Il clima che si respira a un seggio di Aiyy al Nasr, uno dei più ricchi quartieri residenziali della capitale, è diverso rispetto ad Aiyy Tadamoun. Uomini e donne fanno la fila insieme. Poche donne velate. Vestiti all’occidentale. Anche qui molti sostengono di voler votare per Ennahdha, ma aumentano le voci fuori dal coro. Fra le diverse dichiarazioni di voto, in questo seggio spiccano quelle per il Cpr, seconda forza politica del paese. Il Congrès pour la République o Mu’tamar, “congresso” in arabo, è il partito di Moncef Marzouki, antico oppositore del regime fuggito in esilio in Francia e diventato paladino dei diritti umani (è stato perfino presidente dell’Arab commission for human rights).

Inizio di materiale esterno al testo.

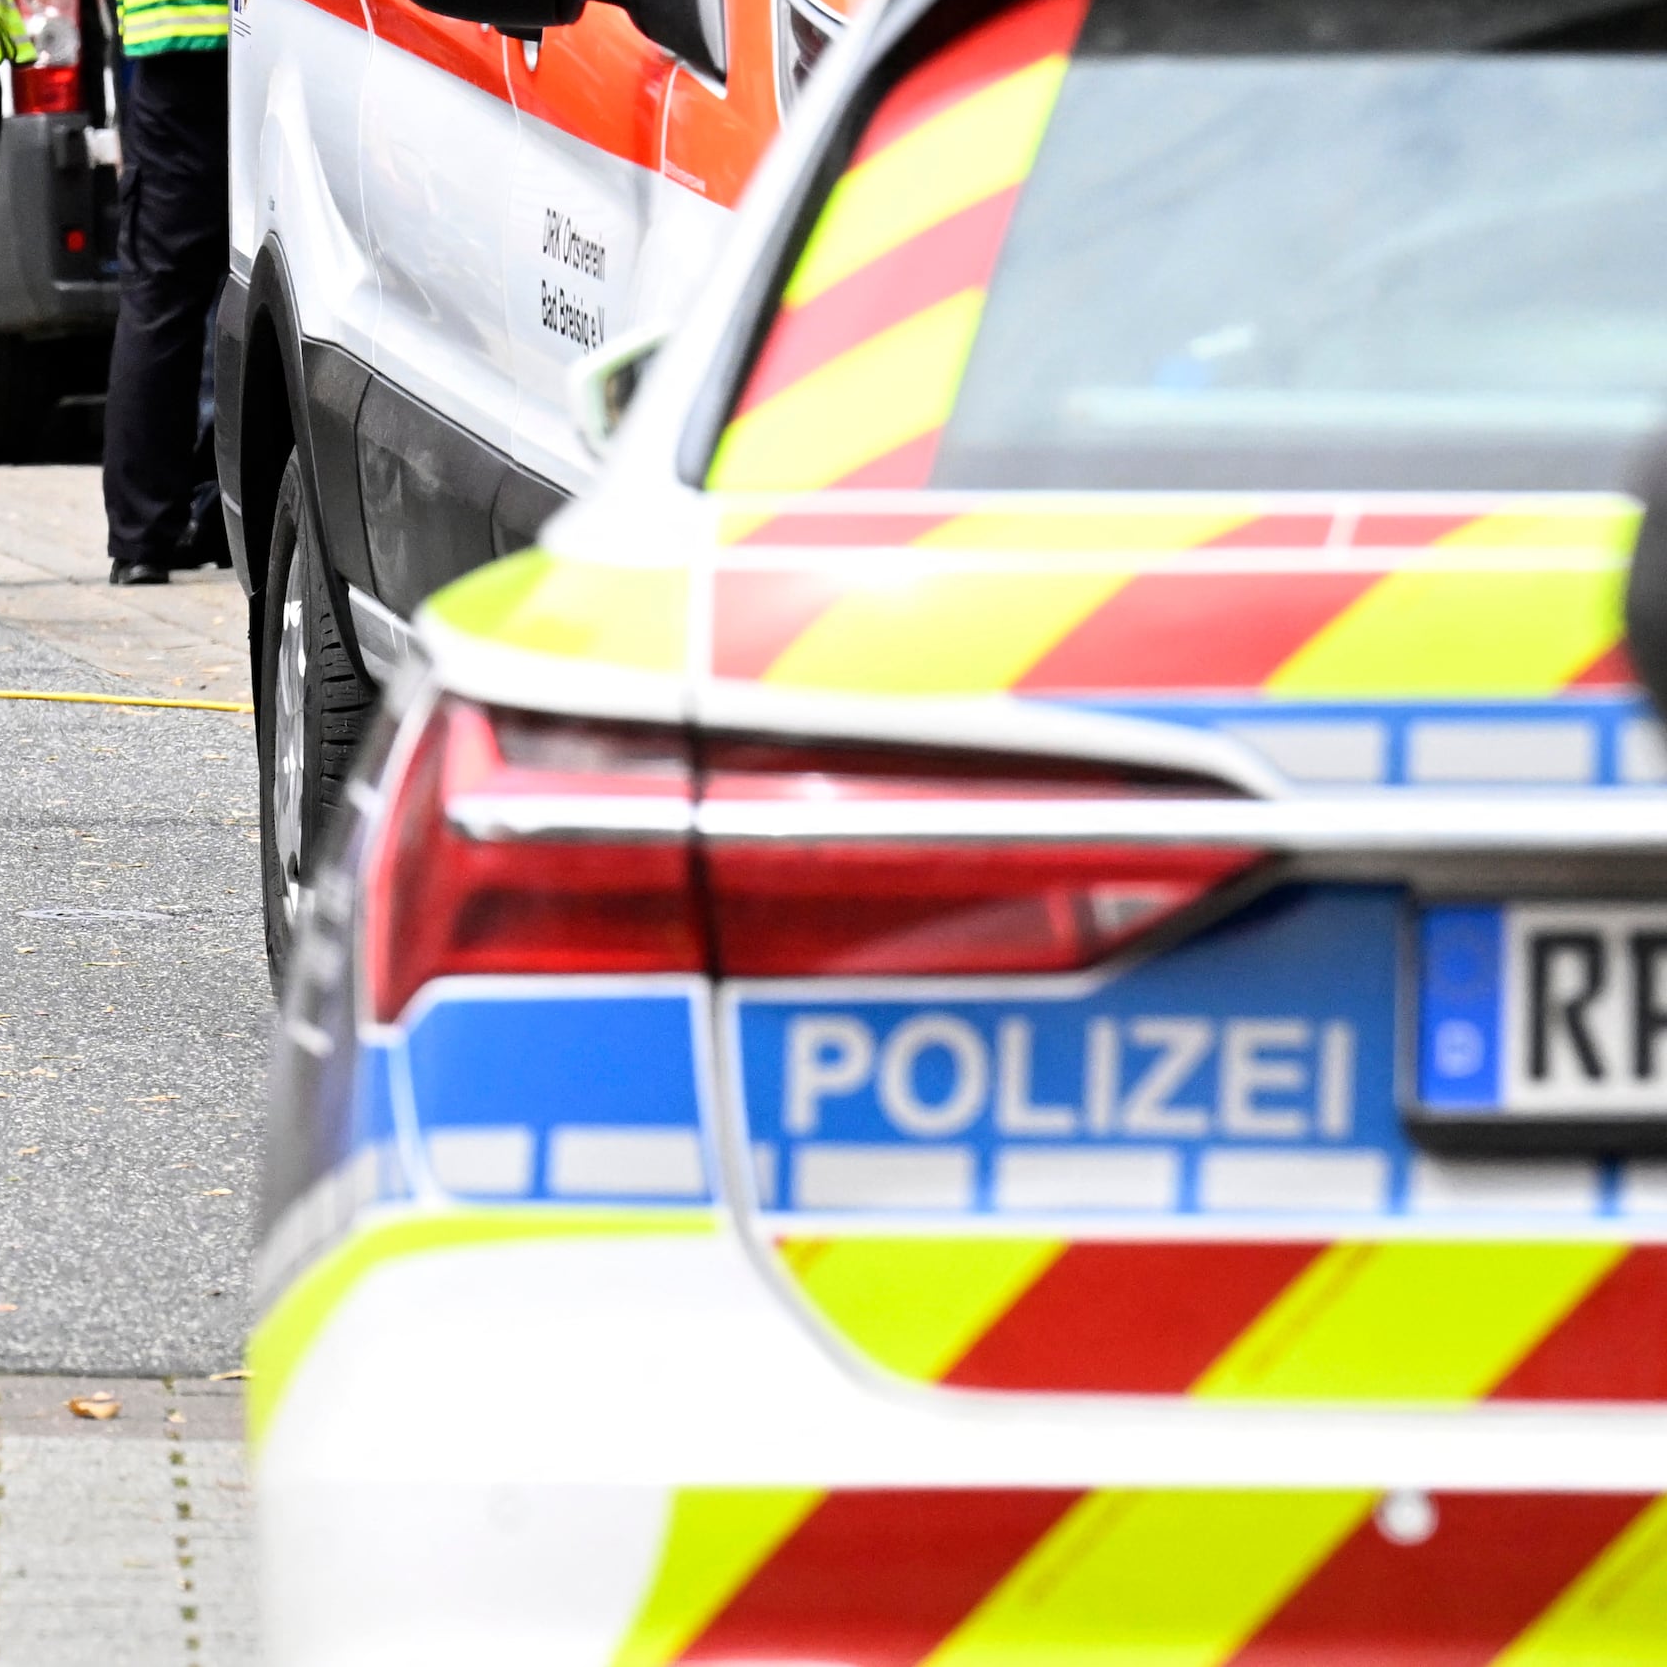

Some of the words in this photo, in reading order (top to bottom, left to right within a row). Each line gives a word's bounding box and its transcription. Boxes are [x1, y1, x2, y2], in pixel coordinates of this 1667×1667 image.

Il suo partito, nato nel 2001, il cui logo è un disegno dei suoi occhiali rossi e verdi – simbolo della personalizzazione che caratterizza il Cpr così come molti altri partiti locali – trova forza e consensi, oltre che nell’antica opposizione al regime di Ben Ali, nella felice commistione fra discorso democratico e discorso islamista. Come sostiene Abd Al Rauf Ayadi, delfino di Marzouki e probabile futuro ministro della giustizia: “Siamo diversi da Ennahdha. Il nostro non è un partito ideologico. Ma neanche antisilamico come il Qutb (Polo democratico modernista, ndr) o il Poct (Partito comunista dell’ideologo Hamma Hammami, ndr) o tanti altri che si dicono progressisti e laici. L’Islam è la religione del popolo, fa parte della nostra identità. Ci sono diverse correnti al suo interno, ma il Cpr è un partito politico con un programma che guarda soprattutto al rispetto dei diritti umani e allo stato di diritto. Noi vogliamo che la Tunisia diventi la patria della democrazia”.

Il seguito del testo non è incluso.